Segment Start: Available records

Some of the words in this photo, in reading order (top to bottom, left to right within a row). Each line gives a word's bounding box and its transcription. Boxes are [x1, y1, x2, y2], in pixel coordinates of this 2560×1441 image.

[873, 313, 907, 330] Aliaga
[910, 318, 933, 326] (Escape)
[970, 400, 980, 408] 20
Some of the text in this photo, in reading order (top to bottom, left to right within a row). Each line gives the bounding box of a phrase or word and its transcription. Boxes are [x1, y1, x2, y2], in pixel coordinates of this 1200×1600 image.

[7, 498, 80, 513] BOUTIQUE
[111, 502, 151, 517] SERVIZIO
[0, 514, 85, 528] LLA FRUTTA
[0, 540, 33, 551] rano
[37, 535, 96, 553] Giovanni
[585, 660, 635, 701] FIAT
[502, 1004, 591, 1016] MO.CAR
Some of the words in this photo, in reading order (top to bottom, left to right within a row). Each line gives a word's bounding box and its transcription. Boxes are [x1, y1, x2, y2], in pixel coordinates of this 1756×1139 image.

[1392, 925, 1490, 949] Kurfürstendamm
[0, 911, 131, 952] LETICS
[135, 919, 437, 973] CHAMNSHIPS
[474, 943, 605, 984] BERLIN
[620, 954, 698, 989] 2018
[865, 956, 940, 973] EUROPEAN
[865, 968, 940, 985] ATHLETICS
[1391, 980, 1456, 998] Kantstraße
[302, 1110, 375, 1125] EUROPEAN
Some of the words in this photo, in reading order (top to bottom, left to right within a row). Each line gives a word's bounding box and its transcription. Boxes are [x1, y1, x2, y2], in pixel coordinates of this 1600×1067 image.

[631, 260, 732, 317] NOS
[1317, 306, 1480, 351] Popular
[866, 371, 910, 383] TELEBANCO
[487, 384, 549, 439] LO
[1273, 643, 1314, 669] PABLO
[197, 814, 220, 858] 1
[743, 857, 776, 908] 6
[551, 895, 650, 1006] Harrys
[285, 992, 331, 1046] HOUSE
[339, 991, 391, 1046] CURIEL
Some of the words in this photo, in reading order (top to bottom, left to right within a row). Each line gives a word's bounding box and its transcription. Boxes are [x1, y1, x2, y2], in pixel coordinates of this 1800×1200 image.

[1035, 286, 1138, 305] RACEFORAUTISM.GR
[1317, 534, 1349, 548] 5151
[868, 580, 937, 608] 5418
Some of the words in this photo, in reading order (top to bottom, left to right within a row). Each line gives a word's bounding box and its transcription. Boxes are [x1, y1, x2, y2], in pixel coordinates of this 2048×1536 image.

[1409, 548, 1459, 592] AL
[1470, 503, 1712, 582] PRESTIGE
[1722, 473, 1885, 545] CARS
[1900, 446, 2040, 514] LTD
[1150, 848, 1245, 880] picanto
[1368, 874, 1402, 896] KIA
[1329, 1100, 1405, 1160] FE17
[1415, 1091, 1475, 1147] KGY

Segment End: Available records

(Task statement)
Extract the full listing above without altering anything.

(Response area)
Some of the words in this photo, in reading order (top to bottom, left to right within a row). Each line gives a word's bounding box and its transcription. Boxes are [x1, y1, x2, y2], in pixel coordinates of this 2560×1441 image.

[873, 313, 907, 330] Aliaga
[910, 318, 933, 326] (Escape)
[970, 400, 980, 408] 20
Some of the text in this photo, in reading order (top to bottom, left to right within a row). Each line gives the bounding box of a phrase or word and its transcription. Boxes are [x1, y1, x2, y2], in pixel coordinates of this 1200×1600 image.

[7, 498, 80, 513] BOUTIQUE
[111, 502, 151, 517] SERVIZIO
[0, 514, 85, 528] LLA FRUTTA
[0, 540, 33, 551] rano
[37, 535, 96, 553] Giovanni
[585, 660, 635, 701] FIAT
[502, 1004, 591, 1016] MO.CAR
Some of the words in this photo, in reading order (top to bottom, left to right within a row). Each line gives a word's bounding box and its transcription. Boxes are [x1, y1, x2, y2], in pixel coordinates of this 1756×1139 image.

[1392, 925, 1490, 949] Kurfürstendamm
[0, 911, 131, 952] LETICS
[135, 919, 437, 973] CHAMNSHIPS
[474, 943, 605, 984] BERLIN
[620, 954, 698, 989] 2018
[865, 956, 940, 973] EUROPEAN
[865, 968, 940, 985] ATHLETICS
[1391, 980, 1456, 998] Kantstraße
[302, 1110, 375, 1125] EUROPEAN
Some of the words in this photo, in reading order (top to bottom, left to right within a row). Each line gives a word's bounding box and its transcription. Boxes are [x1, y1, x2, y2], in pixel coordinates of this 1600×1067 image.

[631, 260, 732, 317] NOS
[1317, 306, 1480, 351] Popular
[866, 371, 910, 383] TELEBANCO
[487, 384, 549, 439] LO
[1273, 643, 1314, 669] PABLO
[197, 814, 220, 858] 1
[743, 857, 776, 908] 6
[551, 895, 650, 1006] Harrys
[285, 992, 331, 1046] HOUSE
[339, 991, 391, 1046] CURIEL
Some of the words in this photo, in reading order (top to bottom, left to right within a row). Each line gives a word's bounding box and its transcription. Boxes are [x1, y1, x2, y2], in pixel coordinates of this 1800×1200 image.

[1035, 286, 1138, 305] RACEFORAUTISM.GR
[1317, 534, 1349, 548] 5151
[868, 580, 937, 608] 5418
Some of the words in this photo, in reading order (top to bottom, left to right within a row). Each line gives a word's bounding box and its transcription. Boxes are [x1, y1, x2, y2], in pixel coordinates of this 2048×1536 image.

[1409, 548, 1459, 592] AL
[1470, 503, 1712, 582] PRESTIGE
[1722, 473, 1885, 545] CARS
[1900, 446, 2040, 514] LTD
[1150, 848, 1245, 880] picanto
[1368, 874, 1402, 896] KIA
[1329, 1100, 1405, 1160] FE17
[1415, 1091, 1475, 1147] KGY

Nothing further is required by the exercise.